Entre o dito e o não-dito

Uma das coisas que mais me fascinam na dialética é justamente aquela parte não-óbvia no contexto. Para os linguistas, o não-dito, para os simplistas, as entrelinhas. Para um curioso, a intencionalidade. E intenção é um valor para mim.

Veja você leitor, mesmo que o discurso não seja claro, há diversas pistas espalhadas na interação não-verbal, se você estiver disposto a observar. Postura corpórea, um tamborilhar de dedos, a cabeça pendendo para um determinado lado do corpo… As pistas estão ali, para serem consideradas, e elas complementam o discurso.

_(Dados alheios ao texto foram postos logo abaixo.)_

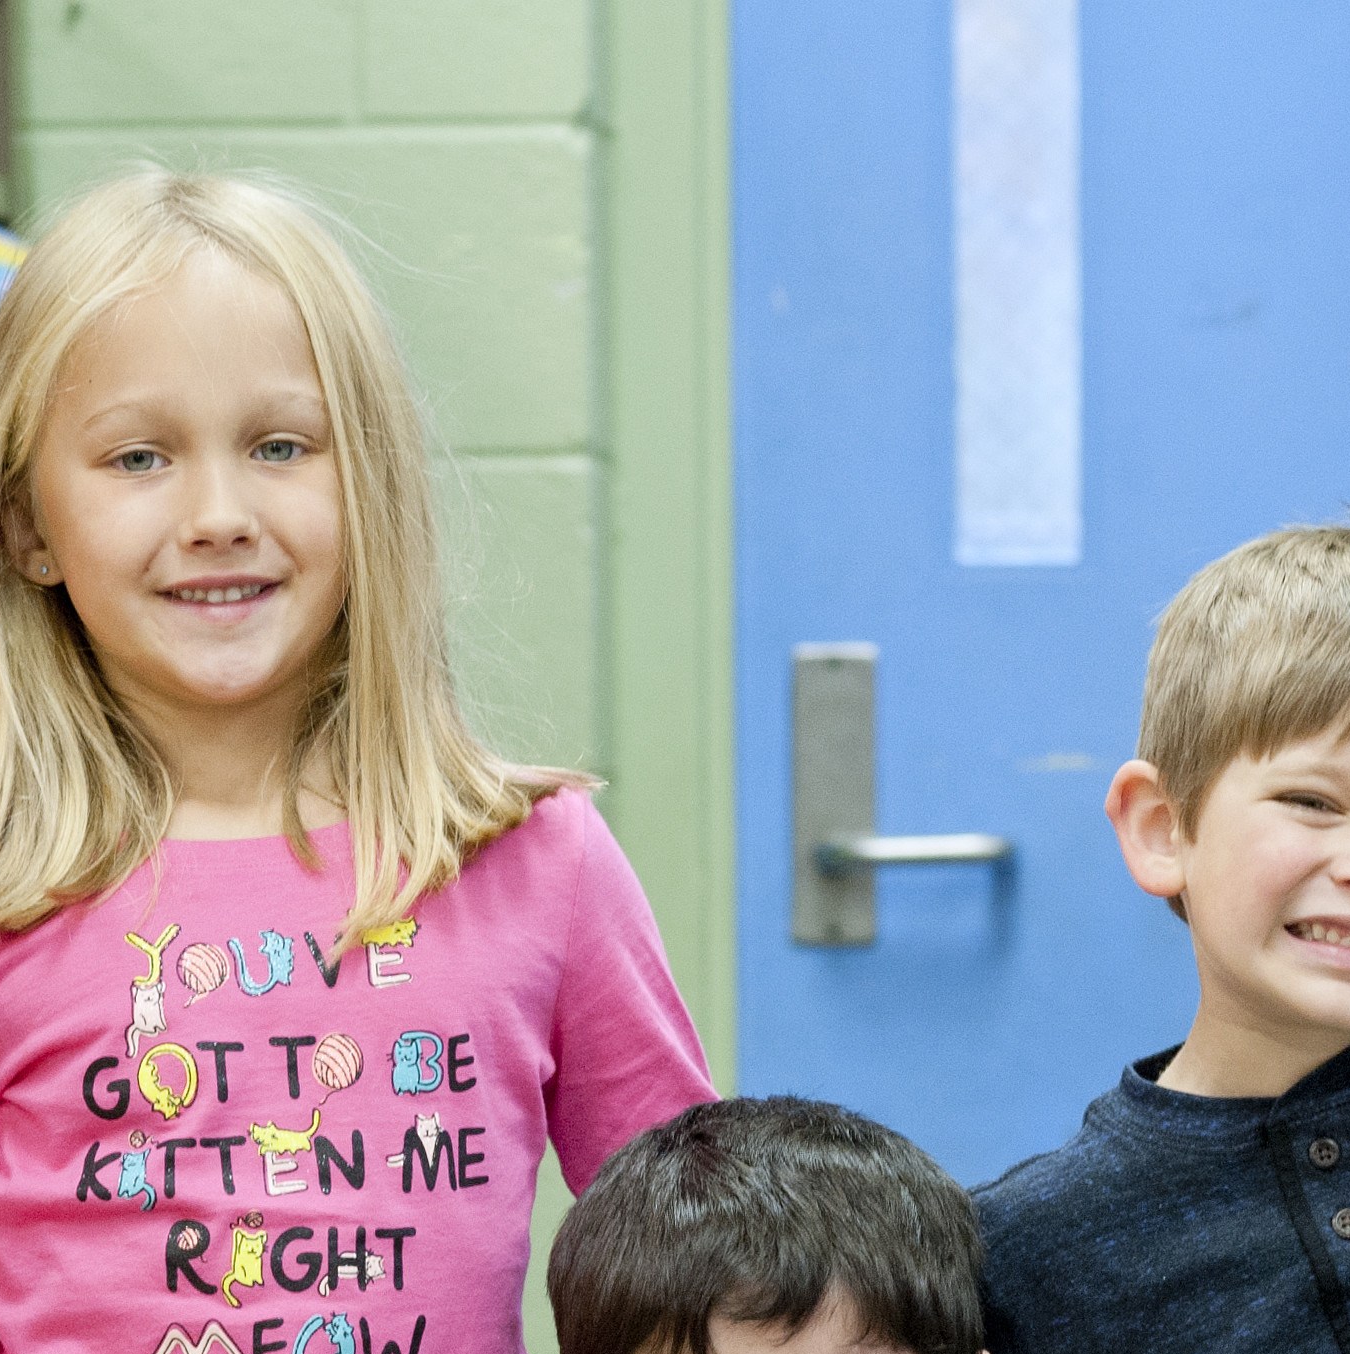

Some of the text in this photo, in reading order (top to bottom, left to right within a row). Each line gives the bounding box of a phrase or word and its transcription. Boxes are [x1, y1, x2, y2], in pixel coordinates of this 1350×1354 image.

Acontece que num contexto teórico se imagina que o não-verbal e o verbal guardam uma coerência óbvia, como por exemplo uma pessoa dizer que está com fome enquanto leva as mãos ao ventre e faz movimentos circulares. Mas à medida que crescemos, percebe-se que a distância entre o dito e o não dito vai se ampliando de tal modo que veremos, por exemplo, uma pessoa completamente faminta, num restaurante em um encontro romântico, pedir uma saladinha dizendo que está com-ple-ta-men-te sem fome. E mesmo que seu par pergunte um: “tem certeza de que não quer mais nada além da salada?”, talvez como resultado de uma boa leitura do não-verbal, essa pessoa reafirmará categoricamente seu discurso, mesmo com seu estômago se contorcendo de dor. Esse é o mundo dos adultos.

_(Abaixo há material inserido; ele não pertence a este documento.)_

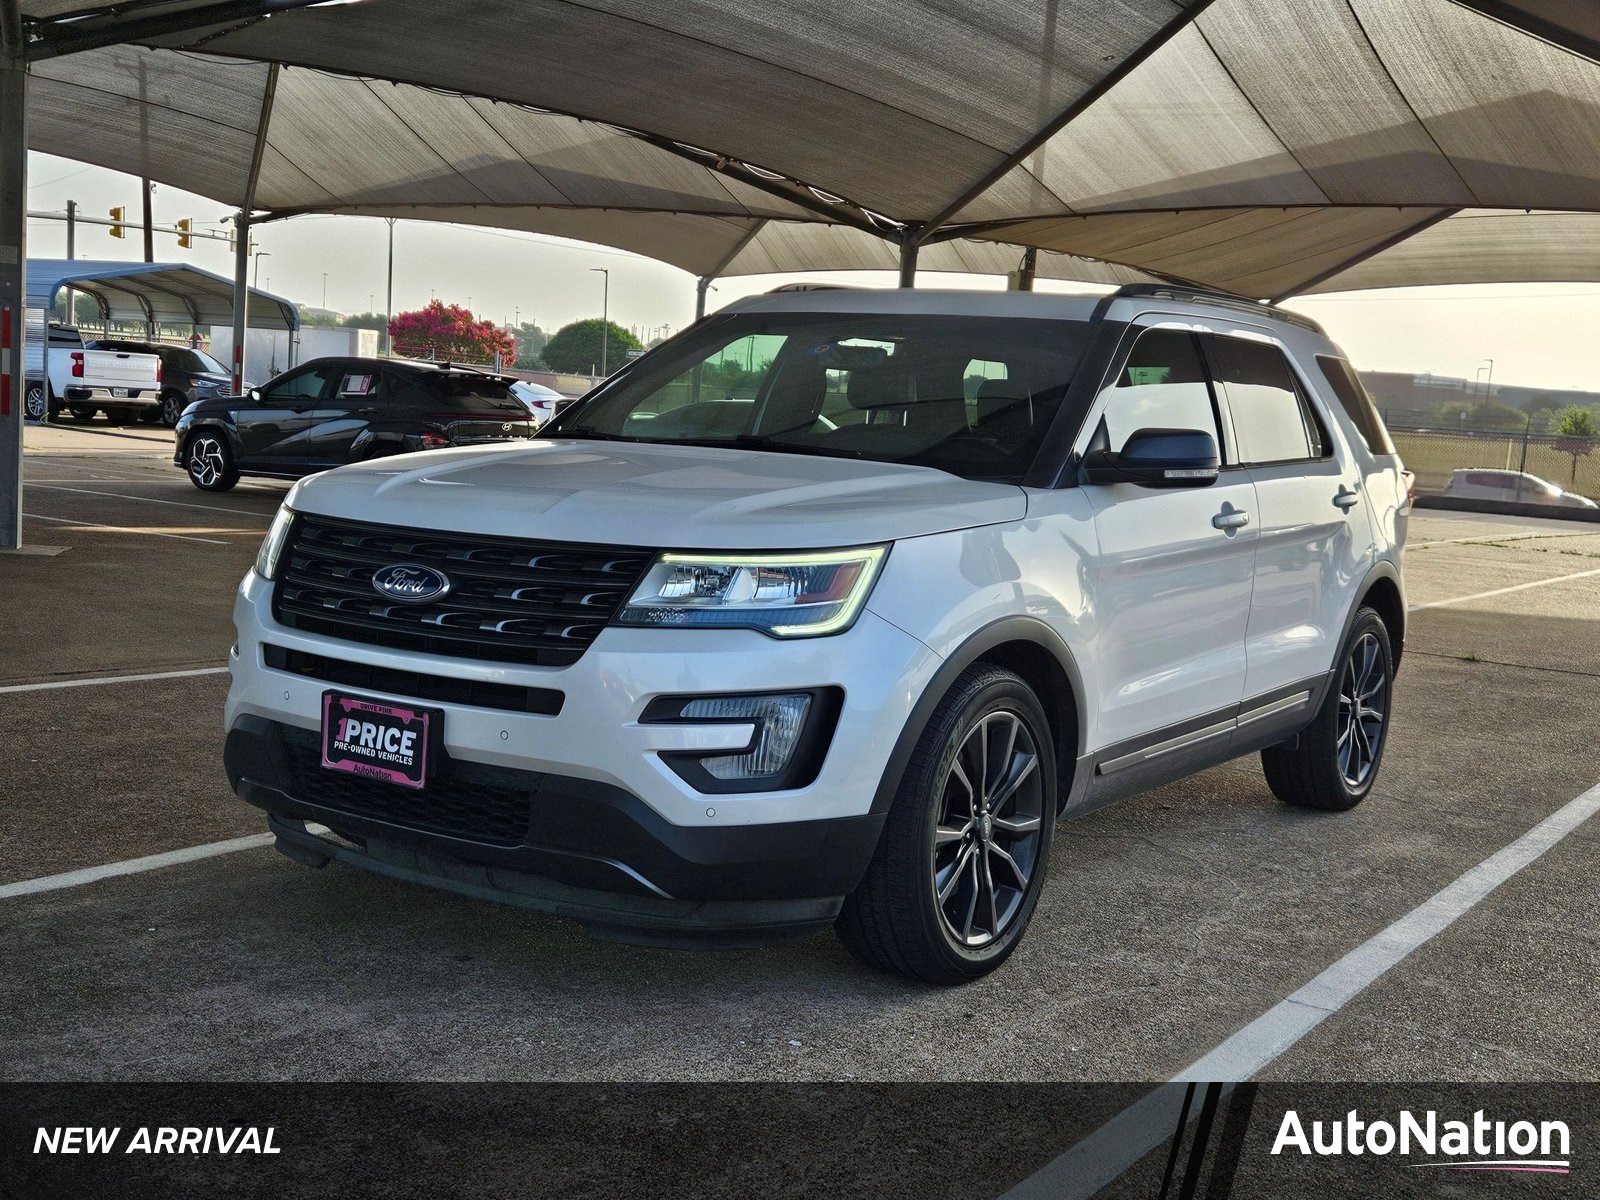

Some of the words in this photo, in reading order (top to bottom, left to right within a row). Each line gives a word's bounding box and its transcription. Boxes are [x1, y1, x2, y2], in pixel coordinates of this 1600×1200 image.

[384, 567, 429, 593] Ford
[360, 702, 378, 713] DRIVE
[379, 706, 393, 715] PINK
[335, 717, 417, 757] 1PRICE
[334, 740, 376, 757] PRE-OWNED
[377, 751, 413, 766] VEHICLES
[353, 764, 392, 780] AutoNation

Textos, re-textos, contextos. Pretextos.
Quantas vezes o verbal se torna apenas um pretexto para que nosso não verbal se manifeste? Porque resistimos ao desnudar nossas idéias, nossos temores, nossas inclinações ou desejos, se muitas vezes são esses, quando omitidos, os que governam nossas ações? Dissimuladamente se entregam em contextos banais, anunciando a plenos pulmões seu “- Estou aqui! Ouve-me que sou vivo!”
Ainda assim, infantilmente ocultamos em nosso verbal ou o não-dito, como a criança que brinca de esconde-esconde ocultando seu rosto sob a toalha da mesa, deixando o corpo ali, à mostra, e sentindo-se plenamente camuflada com seu gesto.

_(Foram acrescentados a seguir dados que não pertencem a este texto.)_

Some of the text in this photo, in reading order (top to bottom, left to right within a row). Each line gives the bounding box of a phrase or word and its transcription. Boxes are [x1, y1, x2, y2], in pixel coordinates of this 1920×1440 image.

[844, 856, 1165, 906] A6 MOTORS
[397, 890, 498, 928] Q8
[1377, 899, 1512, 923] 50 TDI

Mesmo que não se deseje, a existência do verbal está ligada ao não verbal sempre, ainda que à revelia do interlocutor. Porque este é treinado toda uma vida a se expressar pelo verbal. Com o treino o verbal é moldado, esculpido, trabalhado para dar forma a qualquer idéia que exista, adequando-se a qualquer audiência com primor. Já o não-dito é como o cavalo selvagem da alma, que percorre as pradarias dos contextos na sua forma mais natural. Indomado, livre, dispensando quaisquer tratamentos vai se fazendo presente, com aquela beleza de ser. Não é possível domá-lo. Só admirá-lo, estudá-lo, compreendê-lo. E deixá-lo ser.